From the first line below to the last, reproduce the material exactly and leave out the images.

%%

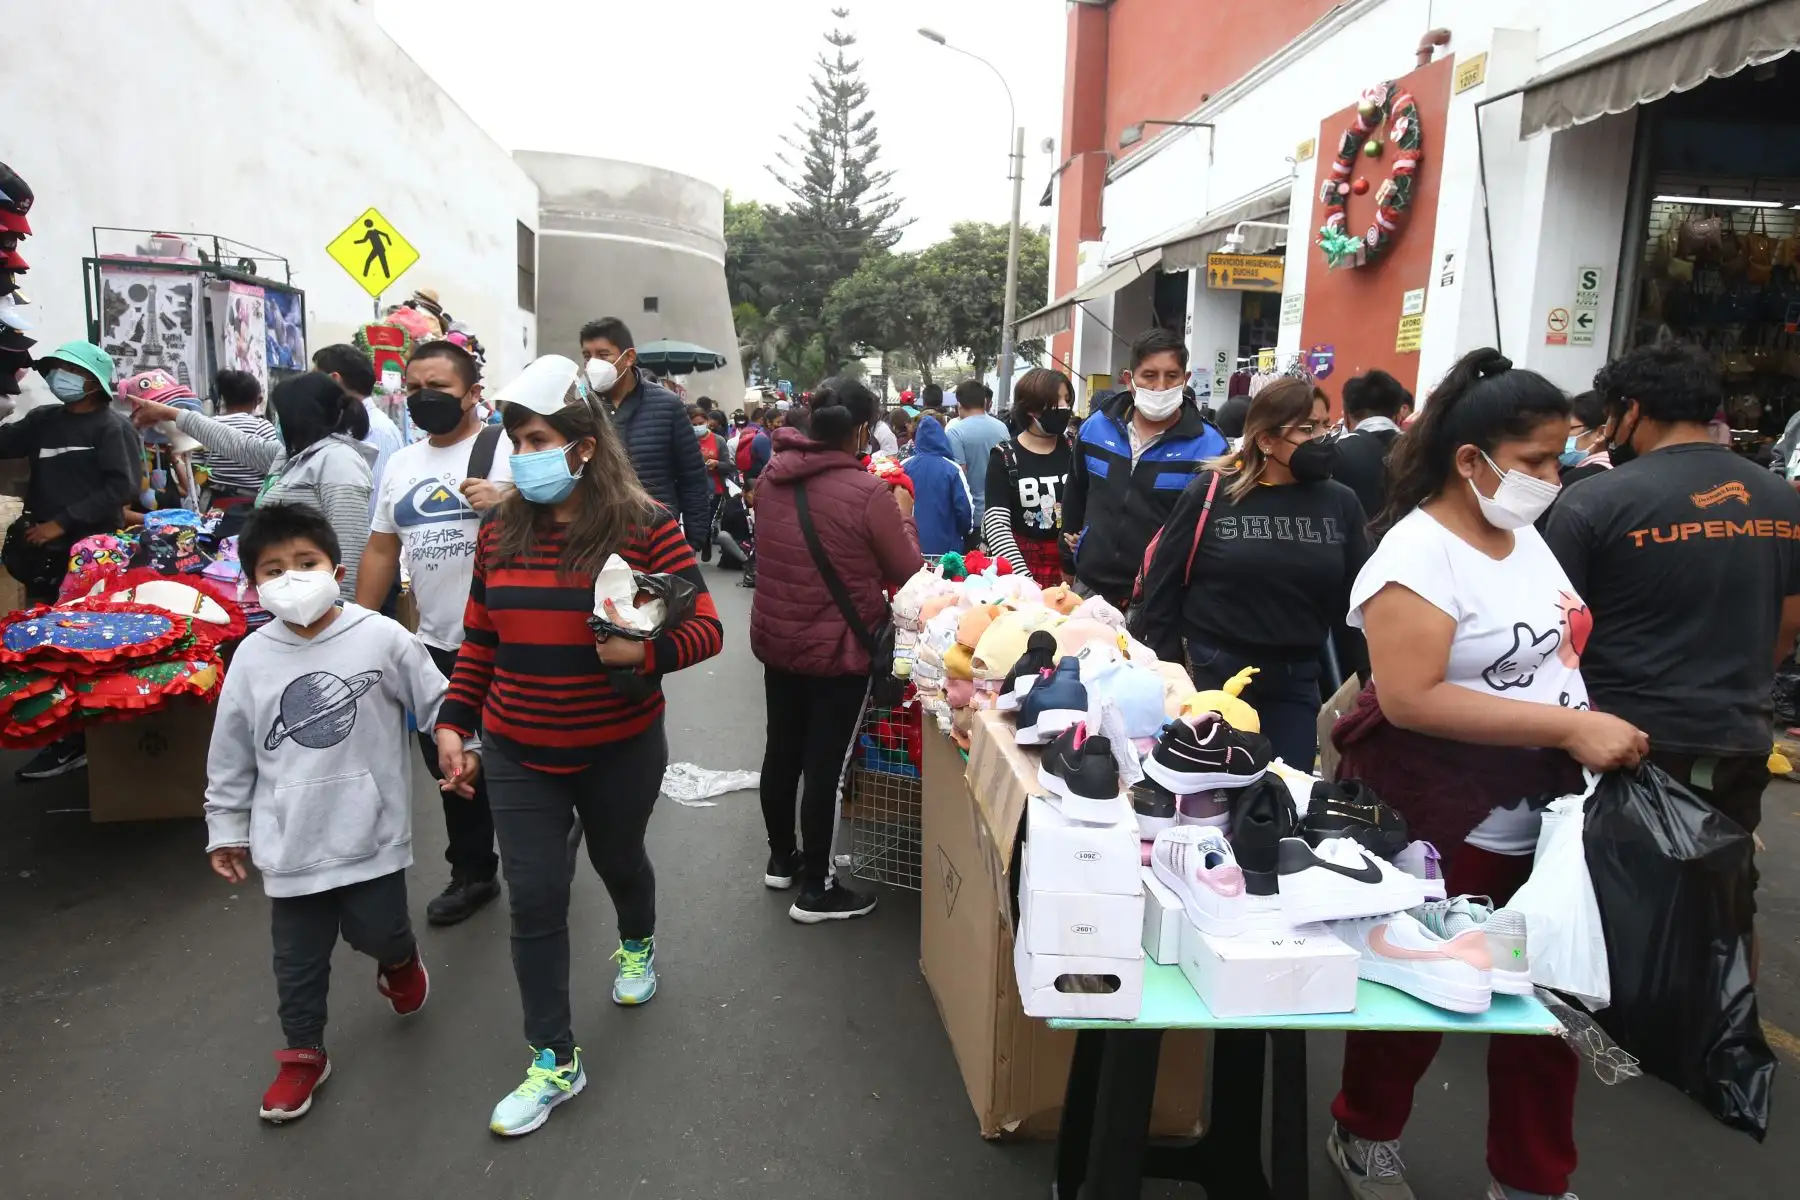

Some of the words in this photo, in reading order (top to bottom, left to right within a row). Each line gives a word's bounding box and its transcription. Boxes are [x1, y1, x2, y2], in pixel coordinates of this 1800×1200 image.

[1210, 256, 1244, 266] SERVICIOS
[1233, 267, 1259, 276] DUCHAS
[1582, 270, 1597, 290] S
[1402, 317, 1421, 328] AFORO
[1218, 351, 1226, 363] S
[1018, 473, 1068, 508] BT
[1214, 515, 1346, 544] CHILL
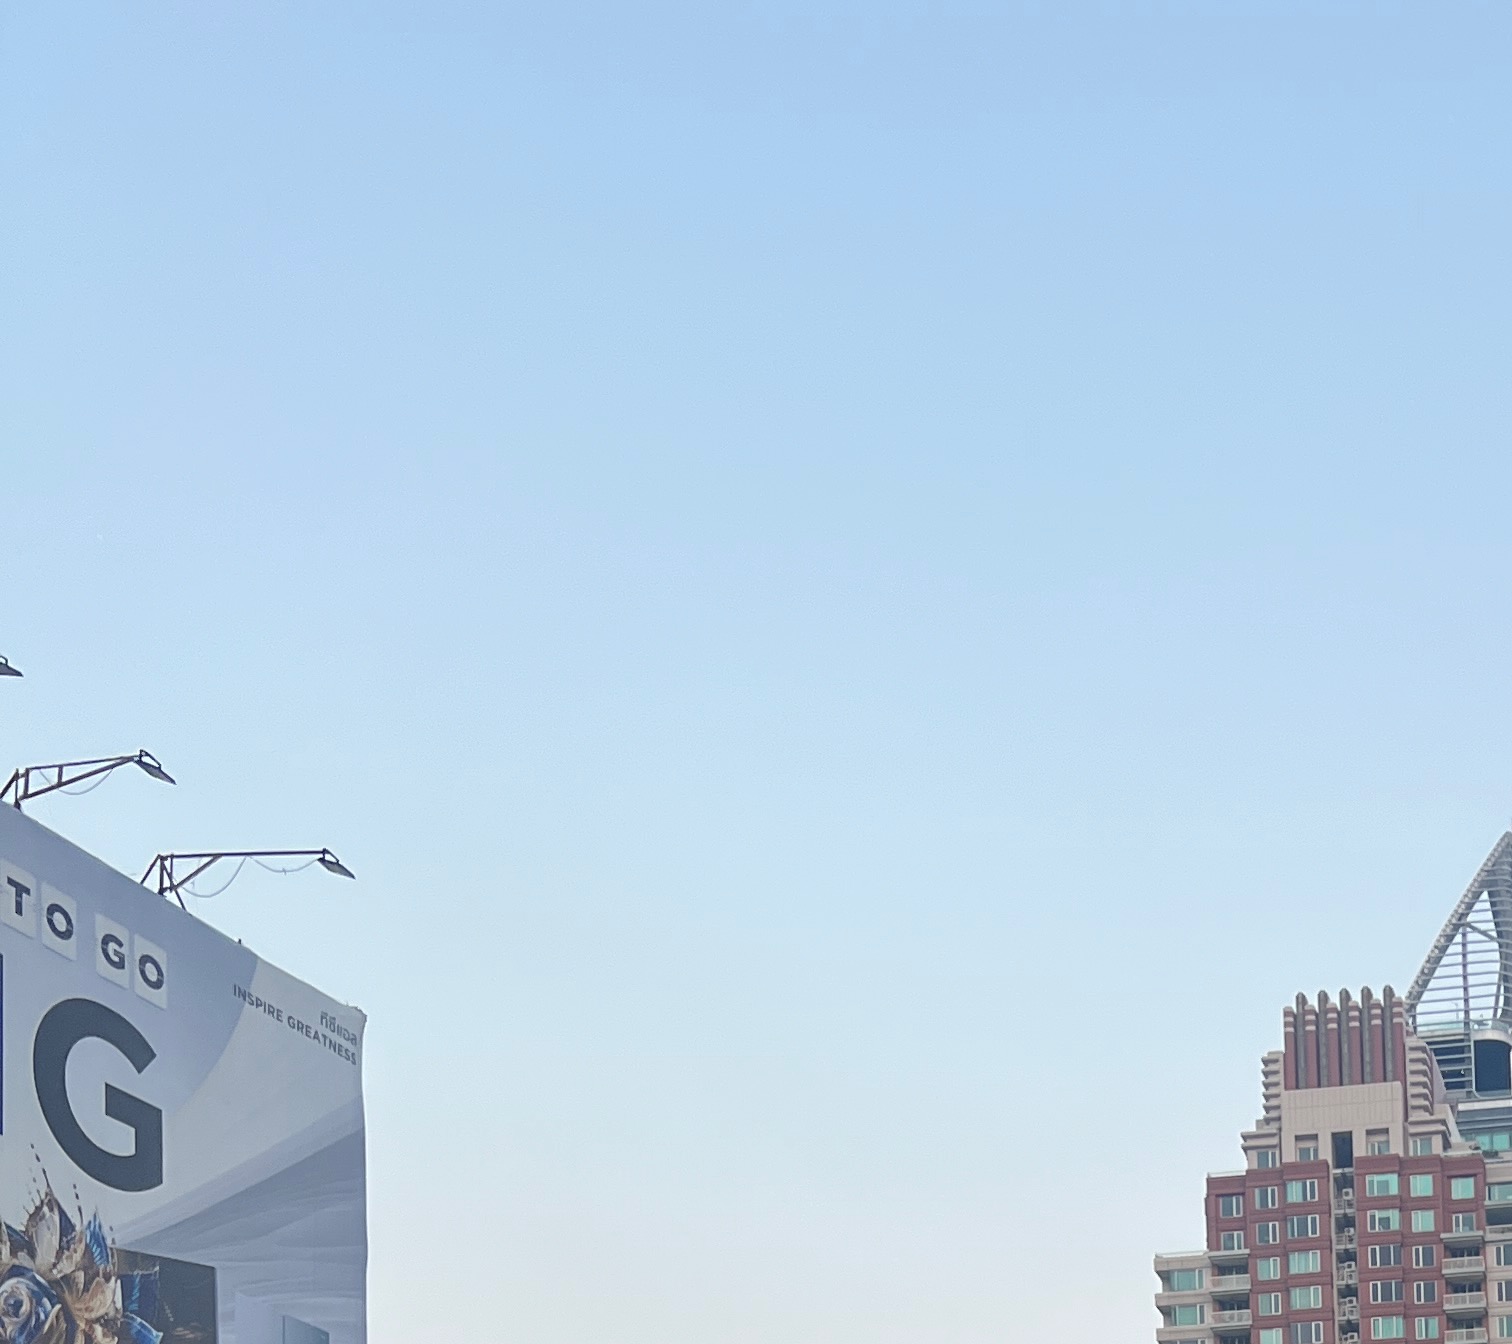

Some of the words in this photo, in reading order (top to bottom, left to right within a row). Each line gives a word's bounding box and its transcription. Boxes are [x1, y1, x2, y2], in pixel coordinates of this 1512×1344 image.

[7, 876, 74, 941] TO
[101, 933, 164, 990] GO
[233, 984, 283, 1023] INSPIRE
[287, 1015, 357, 1066] GREATNESS
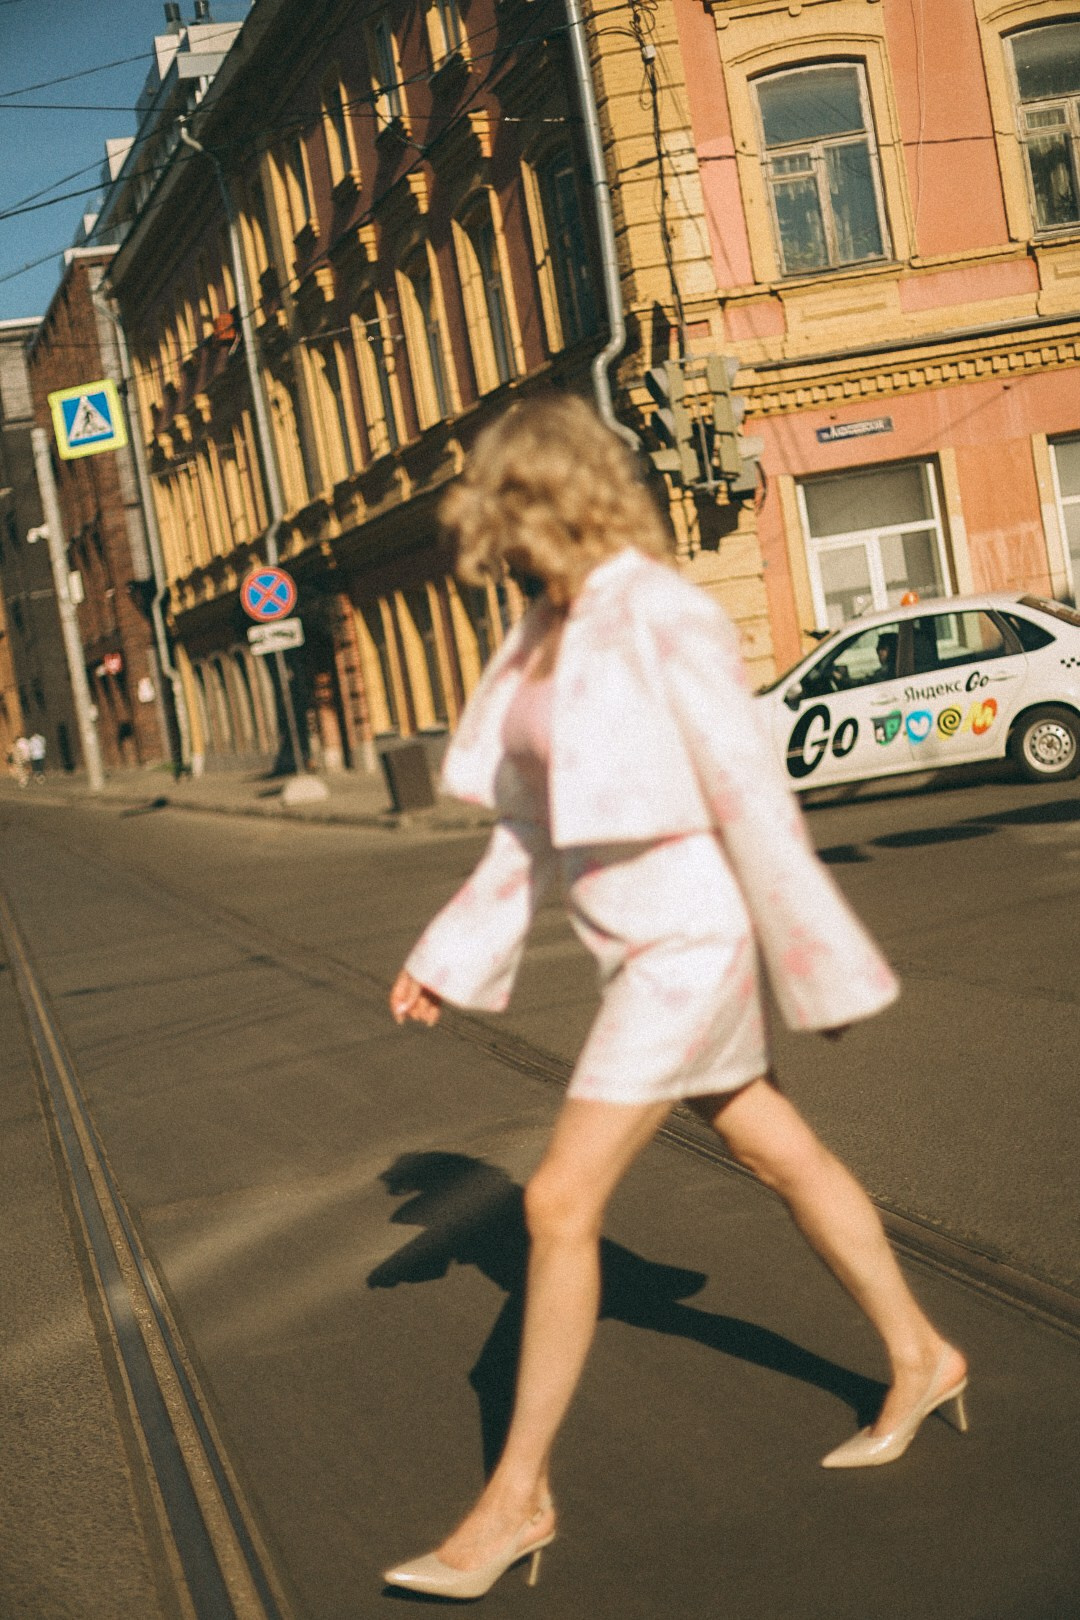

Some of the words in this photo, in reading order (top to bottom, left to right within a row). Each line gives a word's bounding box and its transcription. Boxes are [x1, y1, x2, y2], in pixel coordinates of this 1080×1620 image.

[904, 681, 962, 701] Яндекс
[965, 671, 989, 692] Go
[787, 704, 858, 778] Go
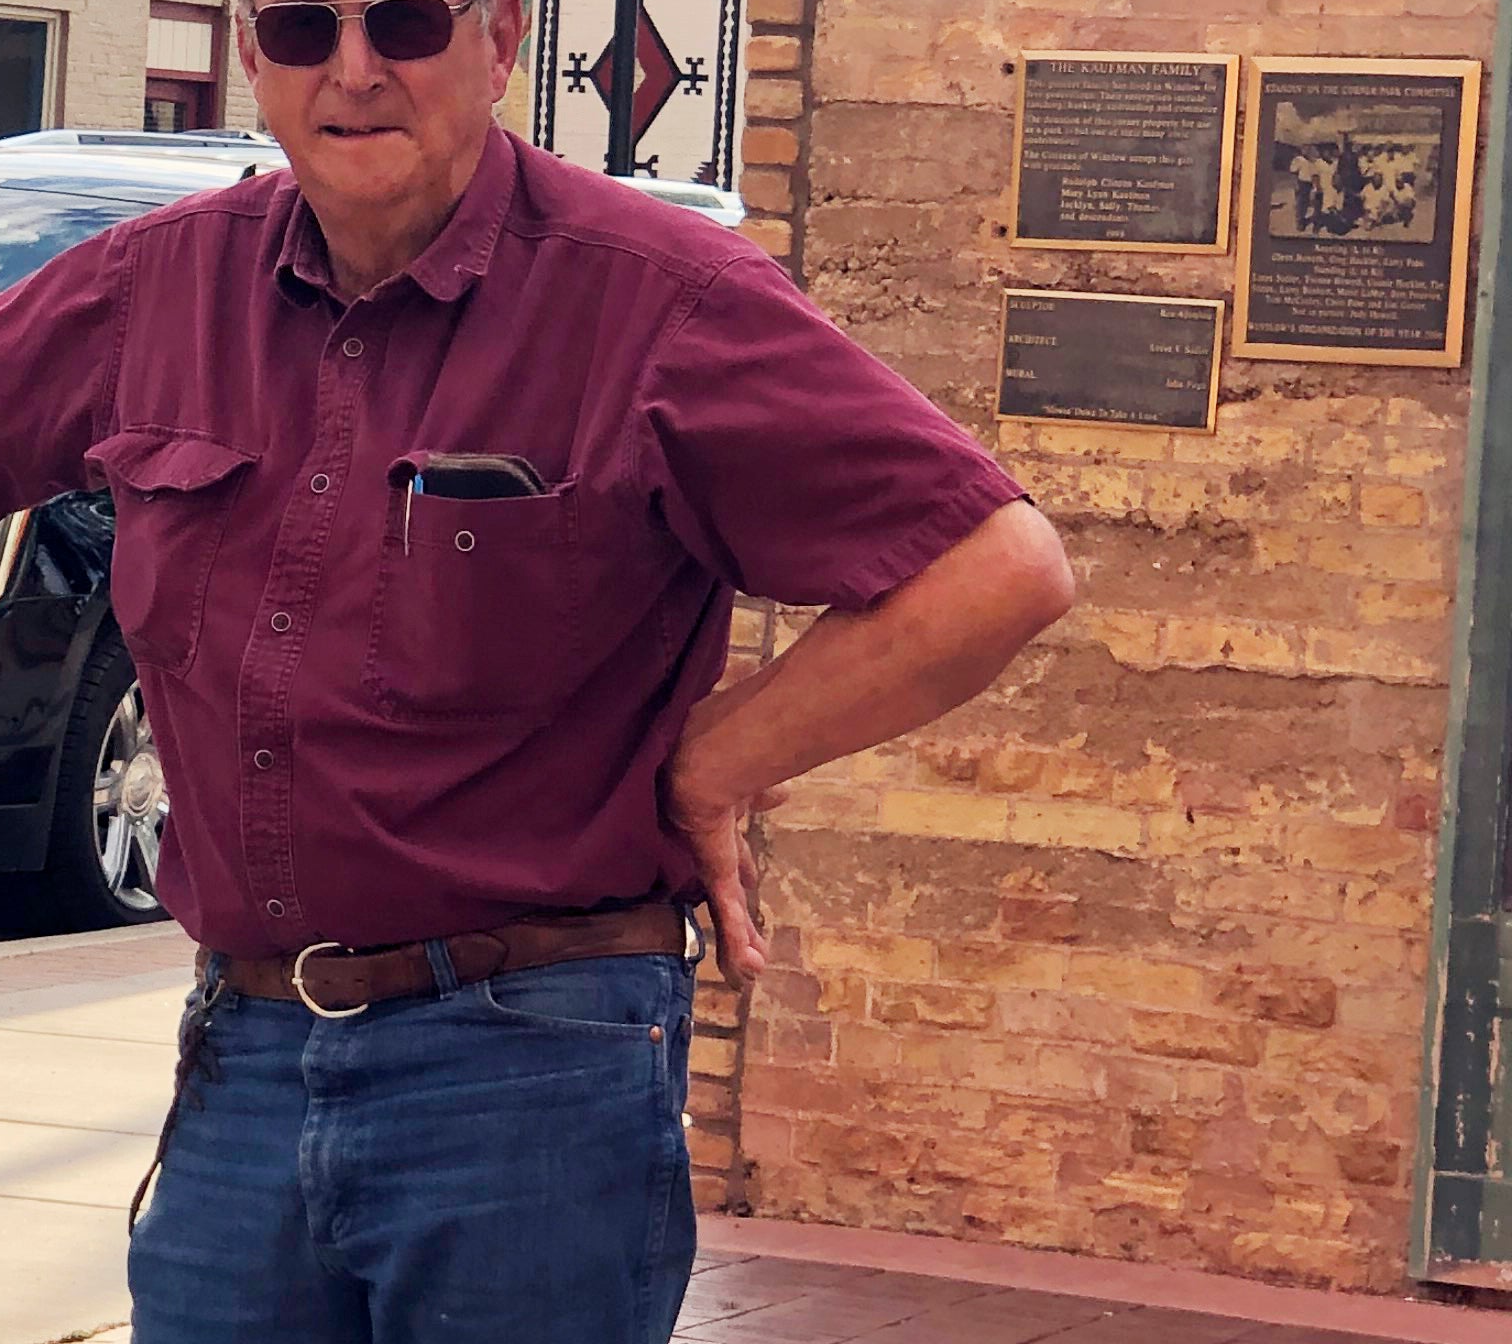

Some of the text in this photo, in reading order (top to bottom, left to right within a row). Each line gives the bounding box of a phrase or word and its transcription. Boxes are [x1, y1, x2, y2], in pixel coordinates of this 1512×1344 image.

[1050, 62, 1201, 76] THE KAUFMAN FAMILY

%%

RESPONSE BELOW -
Some of the words in this photo, in reading order (top to bottom, left to right within a row). Each line gives a word's bounding box and its transcription. Boxes are [x1, y1, x2, y2], in pixel coordinates of this 1800×1200 image.

[1210, 256, 1244, 266] SERVICIOS
[1233, 267, 1259, 276] DUCHAS
[1582, 270, 1597, 290] S
[1402, 317, 1421, 328] AFORO
[1218, 351, 1226, 363] S
[1018, 473, 1068, 508] BT
[1214, 515, 1346, 544] CHILL

Some of the words in this photo, in reading order (top to bottom, left to right within a row). Each line gives a word's bounding box and its transcription. Boxes are [x1, y1, x2, y2], in pixel coordinates of this 1512×1344 image.

[7, 876, 74, 941] TO
[101, 933, 164, 990] GO
[233, 984, 283, 1023] INSPIRE
[287, 1015, 357, 1066] GREATNESS

Some of the words in this photo, in reading order (top to bottom, left to right within a row). Each line gives a word's bounding box and its transcription. Boxes are [x1, y1, x2, y2], in pixel coordinates of this 1080×1620 image.

[904, 681, 962, 701] Яндекс
[965, 671, 989, 692] Go
[787, 704, 858, 778] Go

Some of the text in this photo, in reading order (top to bottom, left to right within a row). Each line gives the bounding box of a phrase or word and its transcription. Boxes are [x1, y1, x2, y2], in pixel coordinates of this 1512×1344 image.

[1050, 62, 1201, 76] THE KAUFMAN FAMILY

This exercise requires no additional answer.